You hear the upcoming whine of engine before you see the car. Out of your peripheral vision, the front of an older model grill, the big chromed-up steel ones they used when cars were still solid and heavy, is rushing up in the pull-over lane. The car’s headlights are off. You perceive only a winking reflection in the old grillwork, and you have just a millisecond to turn to face the onrushing steel. Since you’re an excellent athlete, your instant reaction is to try and jump.

You do not hear the impact. Your brain shuts down—all black.

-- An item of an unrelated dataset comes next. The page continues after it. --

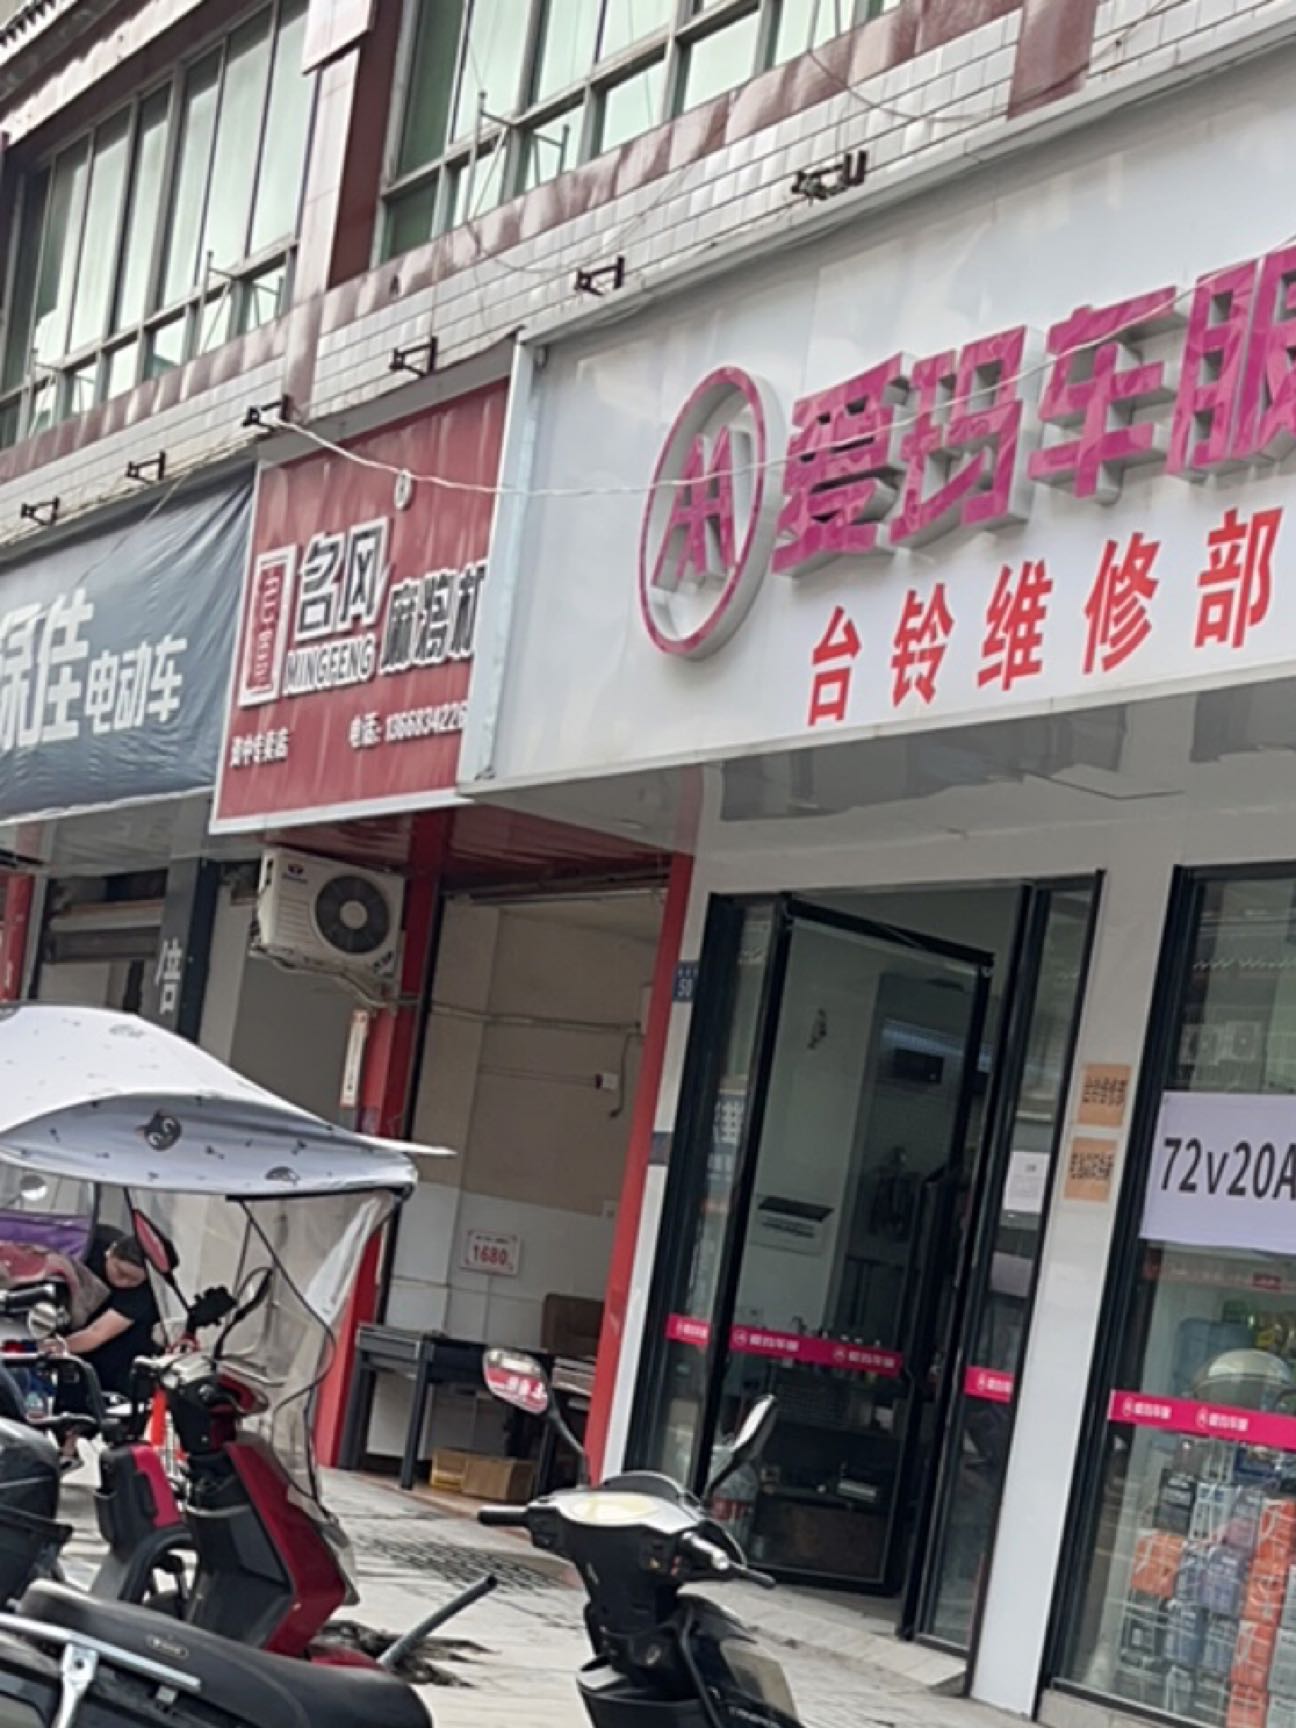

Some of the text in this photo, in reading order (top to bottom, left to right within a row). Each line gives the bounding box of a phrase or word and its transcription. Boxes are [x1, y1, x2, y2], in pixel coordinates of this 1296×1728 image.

[296, 517, 392, 641] 名风
[807, 506, 1284, 726] 台铃维修部
[85, 633, 188, 735] 电动车

All silent, an automatic response by the organism, they tell you later, a response to what your animal system tells you is instant death.

 

 

 

— 2 —

 

 

“J
ESUS,” I SAID, and not in the cynical way I usually take the Lord’s name in vain, but with a true amount of awe and sympathy. “He was pinned?”

“When the first highway patrol troopers got there, they could see him in their headlights,” Sherry said. “His torso was still straight up, not slumped over the hood or anything. They said his head was back and his mouth wide open, like he was yelling to the sky. But he wasn’t making a sound.”

“Jesus,” I said again, putting the image in my head, and then having a hard time shaking it out. Maybe Sherry could sense my discomfort, or maybe she just went back to concentrating on the macadam roadway, because she went silent for a while. She hadn’t even gotten to the point of why she was telling me the tale.

All that came out of her now was that rhythmic breathing and the almost imperceptible grunt of effort each time she pushed the wheels of her wheelchair, spinning them forward, her wrists feathering up like a rower does when he’s finishing a stroke in a skull. Her chair would glide for a second while she exhaled, re-cocking her arms and preparing to spin again.

I was riding next to her, peddling in a middle gear on a ten-speed touring bike. When we’d first started coming out here to Shark Valley in the southern Everglades, I actually jogged next to her while she rode the chair. She wouldn’t let me push her—never had. Even the day she left the hospital, only a week after having her leg amputated, she refused to let anyone push her wheelchair.